Image-backed grounding data
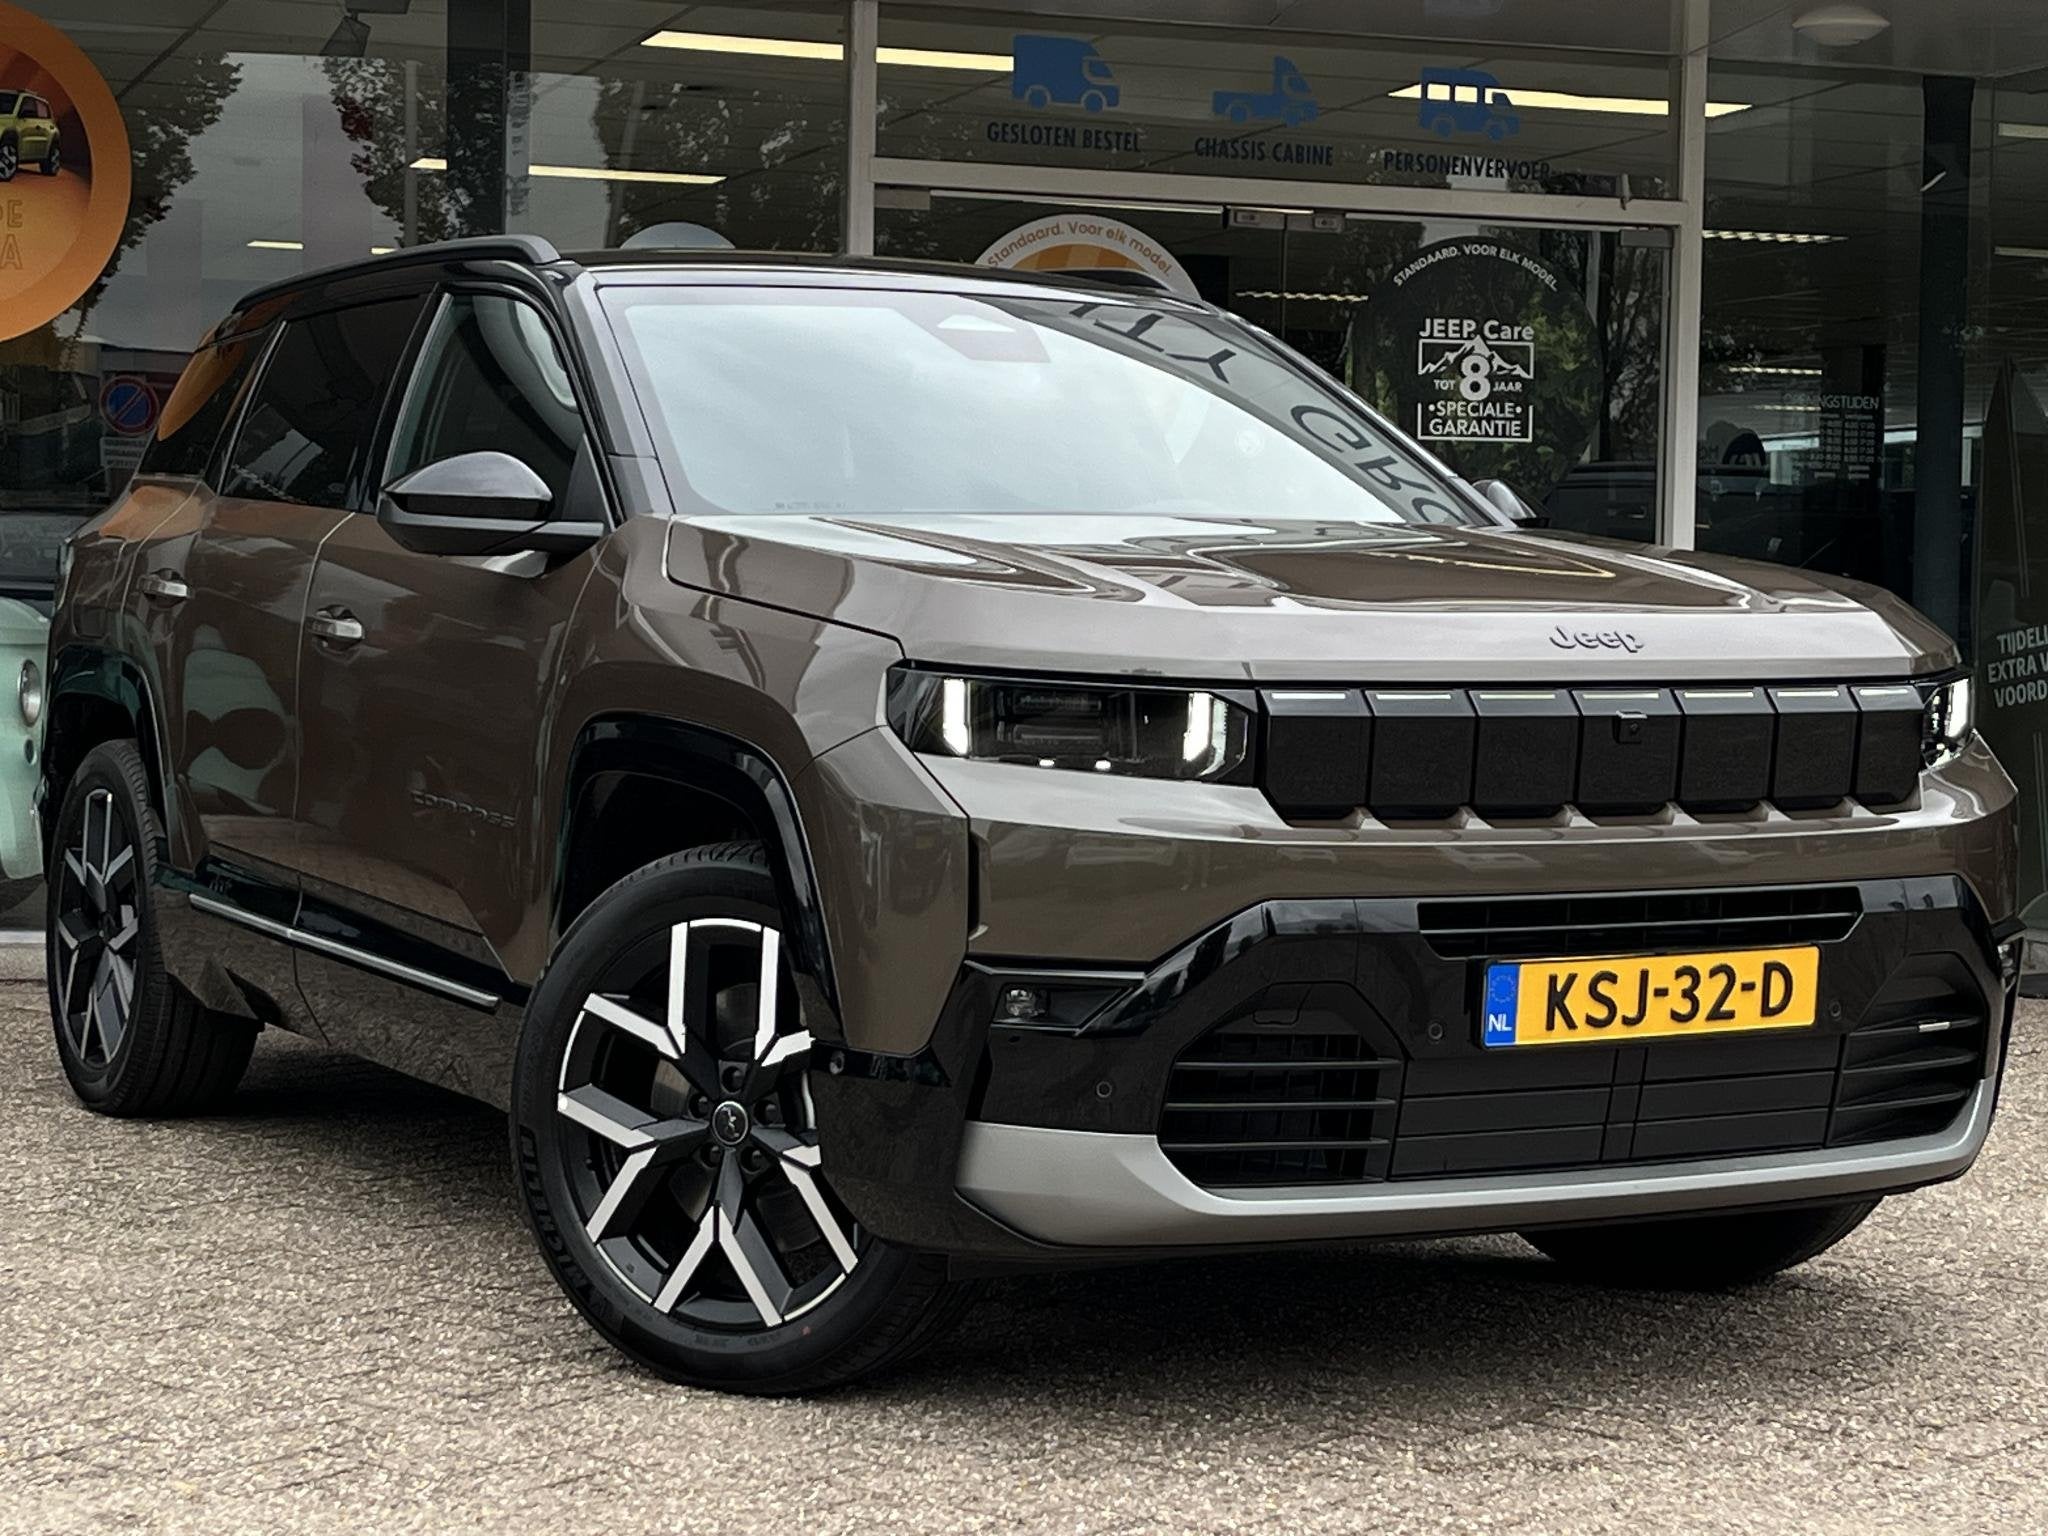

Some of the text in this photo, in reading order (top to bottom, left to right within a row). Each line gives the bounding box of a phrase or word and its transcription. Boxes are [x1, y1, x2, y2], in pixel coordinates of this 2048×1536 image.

[987, 122, 1142, 153] GESLOTEN BESTEL
[1194, 137, 1334, 166] CHASSIS CABINE
[1383, 151, 1550, 181] PERSONENVERVOER
[0, 199, 23, 228] E
[987, 221, 1173, 277] Standaard. Voor elk model.
[1463, 244, 1498, 257] VOOR
[1499, 249, 1521, 264] ELK
[1483, 320, 1535, 340] Care
[1434, 354, 1522, 401] TOT 8 JAAR
[1429, 418, 1521, 436] GARANTIE
[1549, 625, 1645, 654] Jeep
[1987, 654, 2038, 683] EXTRA
[1545, 960, 1793, 1032] KSJ-32-D
[1487, 1013, 1513, 1033] NL
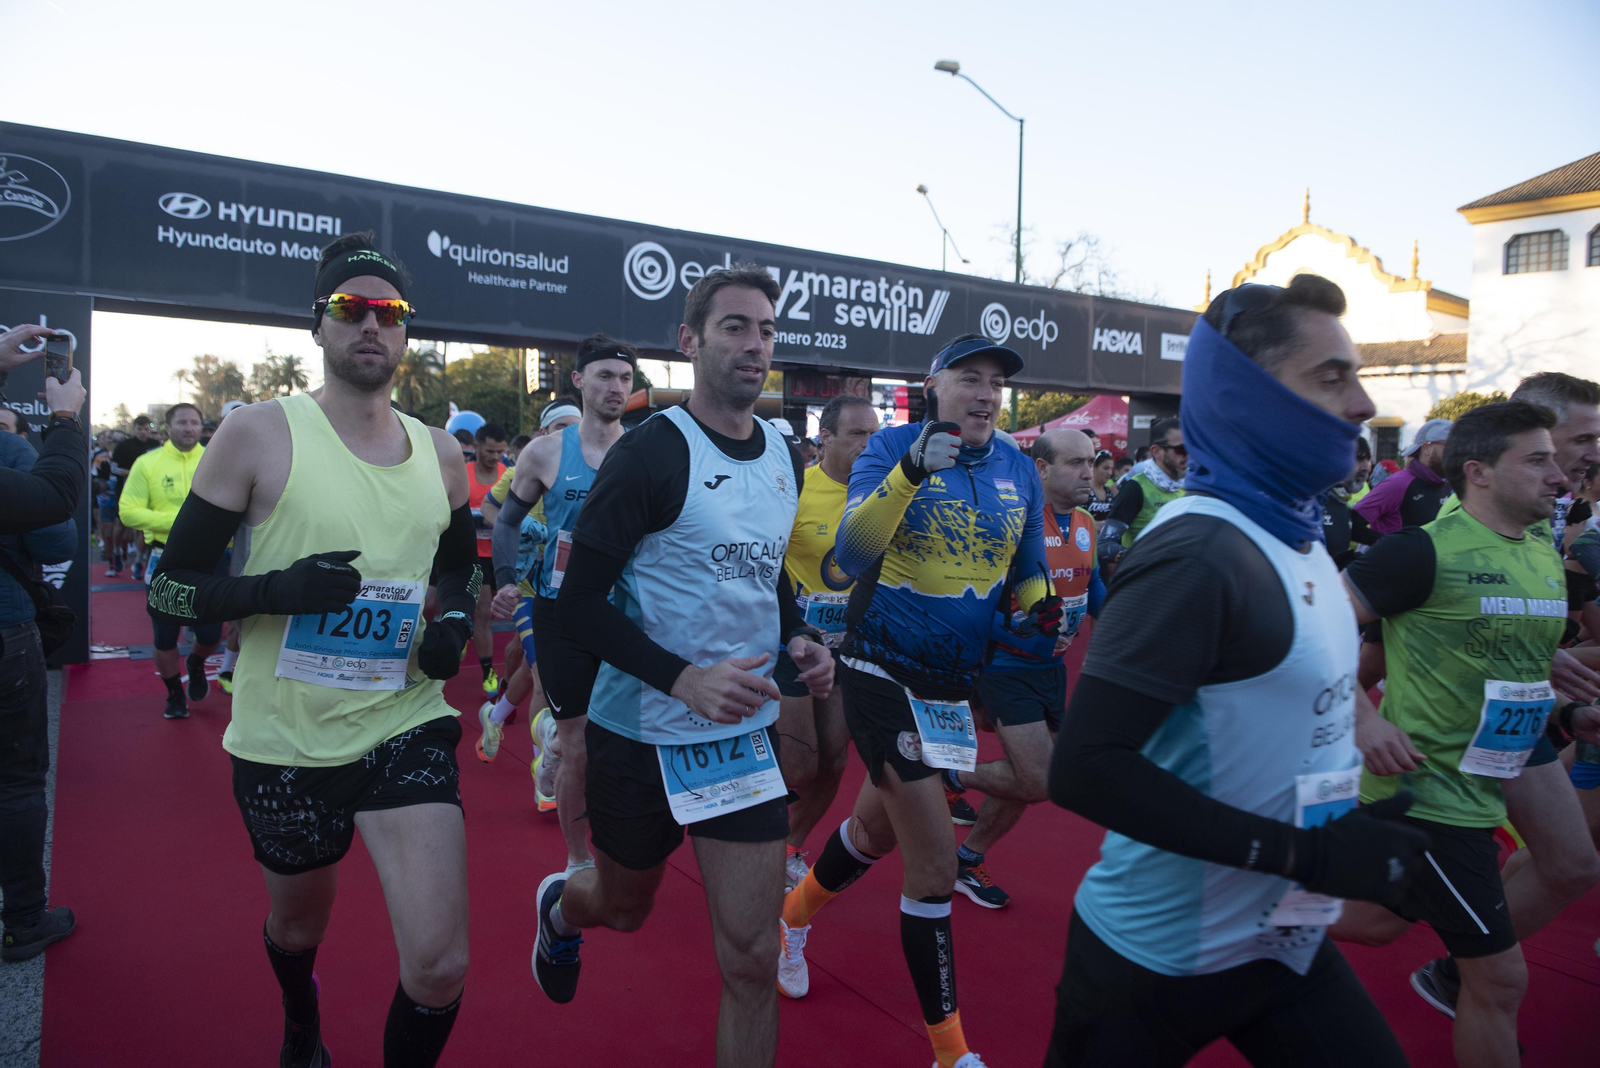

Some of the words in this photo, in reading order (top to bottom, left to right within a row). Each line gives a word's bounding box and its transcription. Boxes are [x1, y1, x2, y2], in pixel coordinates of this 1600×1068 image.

[218, 201, 341, 236] HYUNDAI
[157, 225, 276, 256] Hyundauto
[281, 240, 322, 262] Mot
[468, 271, 527, 290] Healthcare
[529, 279, 568, 295] Partner
[802, 271, 924, 310] maratón
[834, 302, 927, 335] sevilla
[1013, 309, 1059, 350] edp
[815, 332, 847, 349] 2023
[1092, 327, 1143, 356] HOKA
[565, 488, 589, 501] SP
[1045, 536, 1063, 547] NIO
[367, 584, 406, 594] maratón
[1467, 573, 1508, 585] HOKA
[317, 606, 392, 641] 1203
[295, 642, 312, 650] Juan
[314, 645, 342, 654] Enrique
[344, 648, 367, 657] Molino
[347, 658, 367, 671] edp
[924, 706, 964, 732] 1659
[676, 736, 745, 772] 1612
[257, 785, 292, 794] NIKE
[721, 780, 740, 794] edp
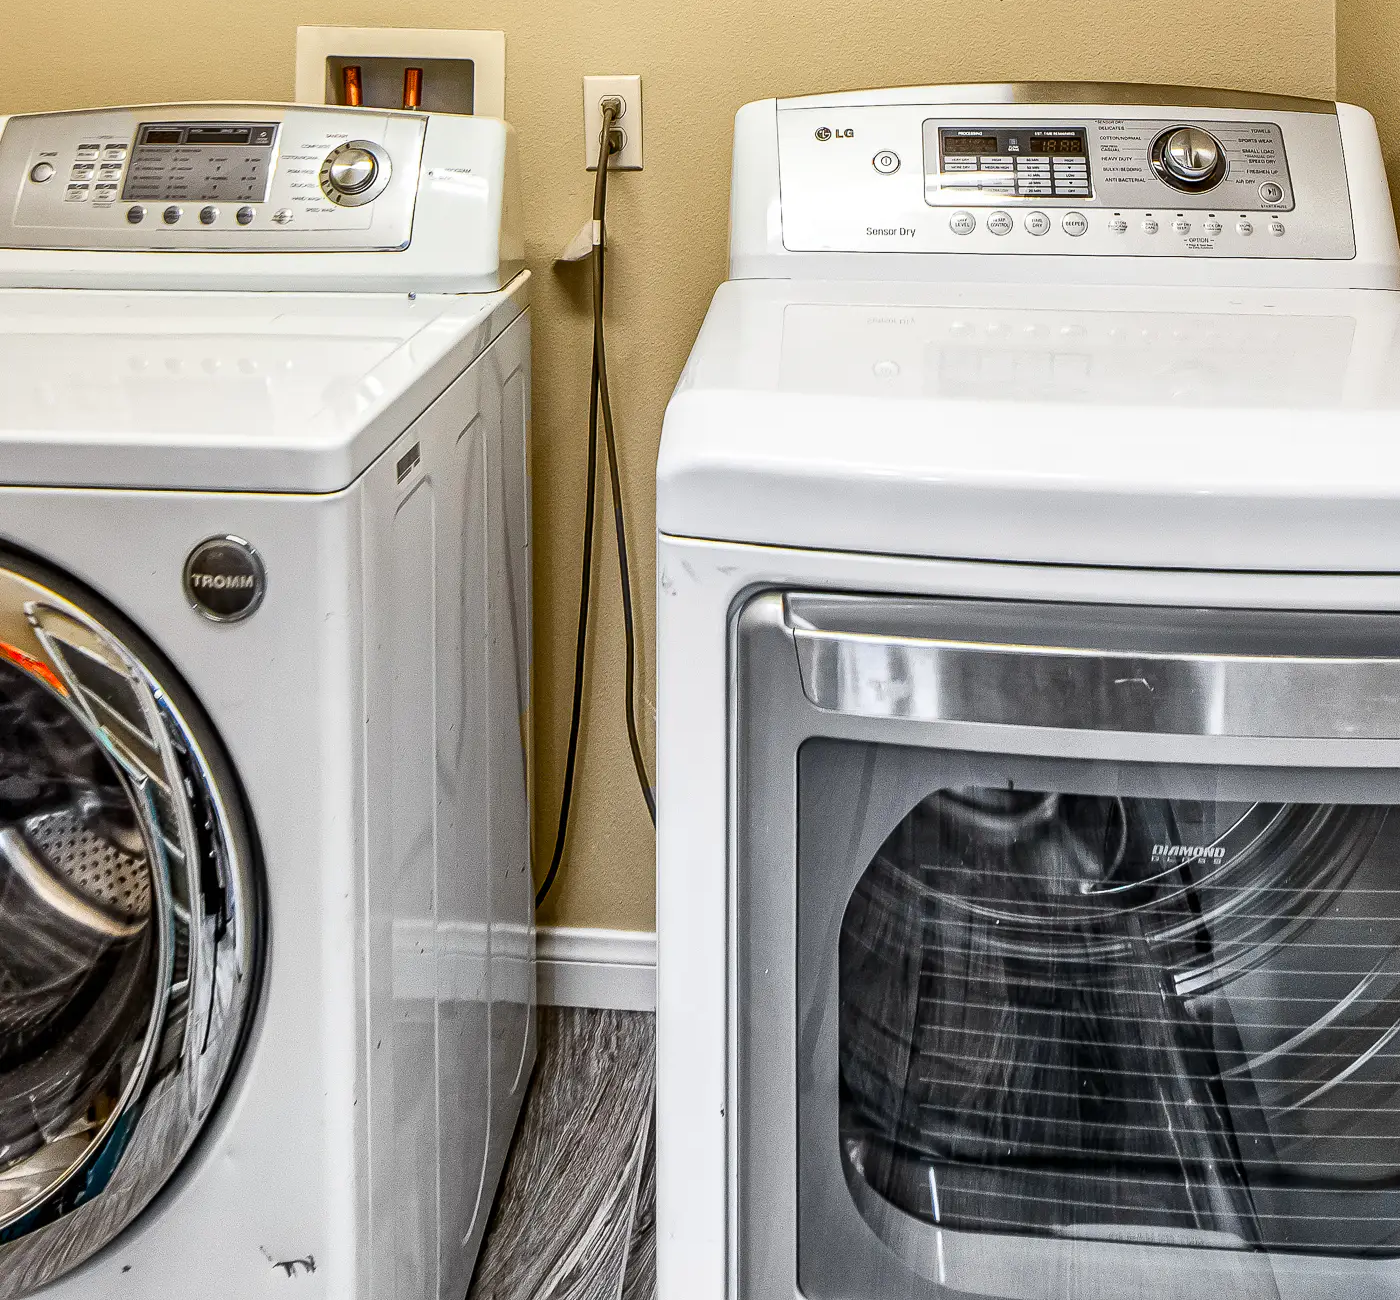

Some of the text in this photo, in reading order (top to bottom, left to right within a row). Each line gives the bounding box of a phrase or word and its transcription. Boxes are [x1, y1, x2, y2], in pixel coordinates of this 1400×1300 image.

[835, 128, 855, 139] LG
[866, 227, 916, 238] Sensor Dry
[191, 573, 254, 589] TROMM
[1152, 844, 1226, 858] DIAMOND
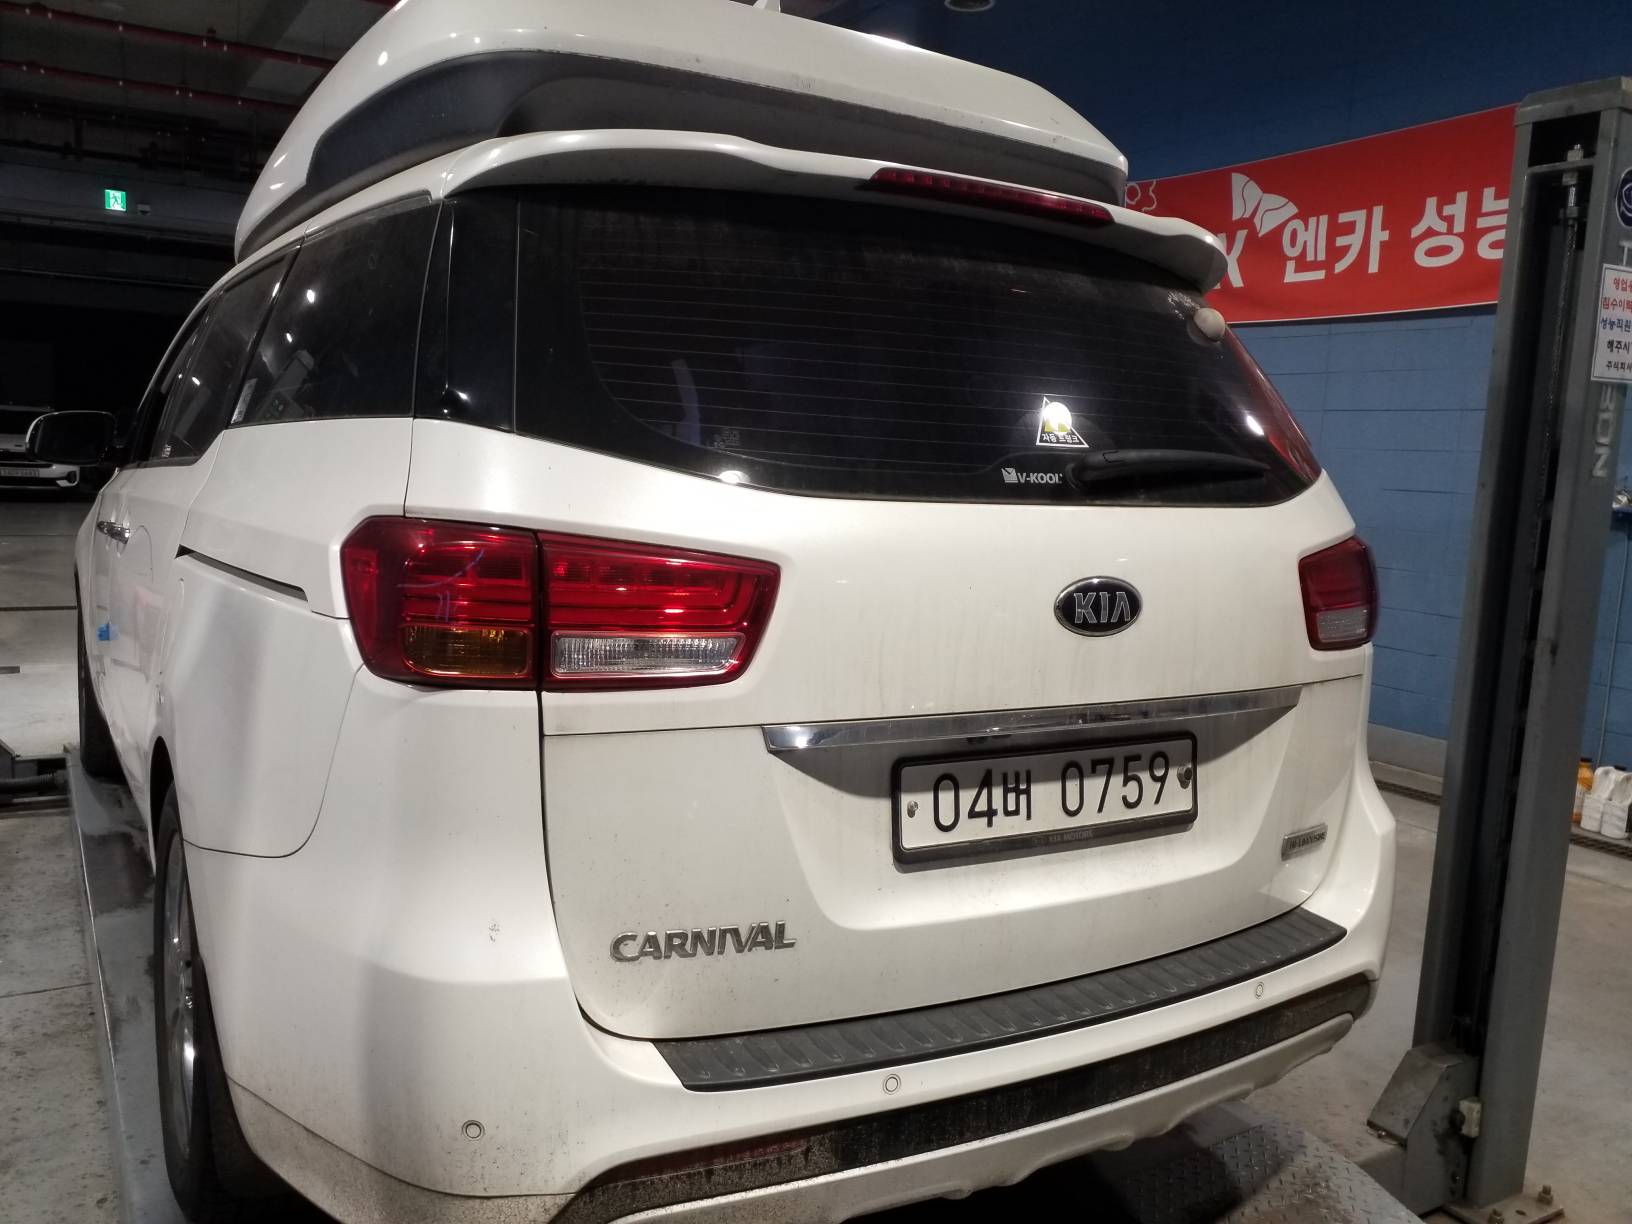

What the exercise asks
Transcribe the records word for word and include no pictures.

Exercise solution
Some of the text in this photo, in reading order (top to bottom, left to right within a row). Each line gives the bounding box of a phrase or word and its transcription. Boxes are [x1, y1, x2, y2], in pixel coordinates of this 2048×1536 image.

[987, 122, 1142, 153] GESLOTEN BESTEL
[1194, 137, 1334, 166] CHASSIS CABINE
[1383, 151, 1550, 181] PERSONENVERVOER
[0, 199, 23, 228] E
[987, 221, 1173, 277] Standaard. Voor elk model.
[1463, 244, 1498, 257] VOOR
[1499, 249, 1521, 264] ELK
[1483, 320, 1535, 340] Care
[1434, 354, 1522, 401] TOT 8 JAAR
[1429, 418, 1521, 436] GARANTIE
[1549, 625, 1645, 654] Jeep
[1987, 654, 2038, 683] EXTRA
[1545, 960, 1793, 1032] KSJ-32-D
[1487, 1013, 1513, 1033] NL

Some of the words in this photo, in reading order (top to bottom, left to right within a row). Each line gives a word's bounding box and its transcription. Boxes are [x1, y1, x2, y2], in pixel coordinates of this 1600×1068 image.

[218, 201, 341, 236] HYUNDAI
[157, 225, 276, 256] Hyundauto
[281, 240, 322, 262] Mot
[468, 271, 527, 290] Healthcare
[529, 279, 568, 295] Partner
[802, 271, 924, 310] maratón
[834, 302, 927, 335] sevilla
[1013, 309, 1059, 350] edp
[815, 332, 847, 349] 2023
[1092, 327, 1143, 356] HOKA
[565, 488, 589, 501] SP
[1045, 536, 1063, 547] NIO
[367, 584, 406, 594] maratón
[1467, 573, 1508, 585] HOKA
[317, 606, 392, 641] 1203
[295, 642, 312, 650] Juan
[314, 645, 342, 654] Enrique
[344, 648, 367, 657] Molino
[347, 658, 367, 671] edp
[924, 706, 964, 732] 1659
[676, 736, 745, 772] 1612
[257, 785, 292, 794] NIKE
[721, 780, 740, 794] edp

Some of the text in this photo, in reading order (top to bottom, left to right within a row). Each line gives the bounding box of a phrase or word and its transcription. Boxes are [x1, y1, x2, y2], in pixel coordinates of this 1400×1300 image.

[835, 128, 855, 139] LG
[866, 227, 916, 238] Sensor Dry
[191, 573, 254, 589] TROMM
[1152, 844, 1226, 858] DIAMOND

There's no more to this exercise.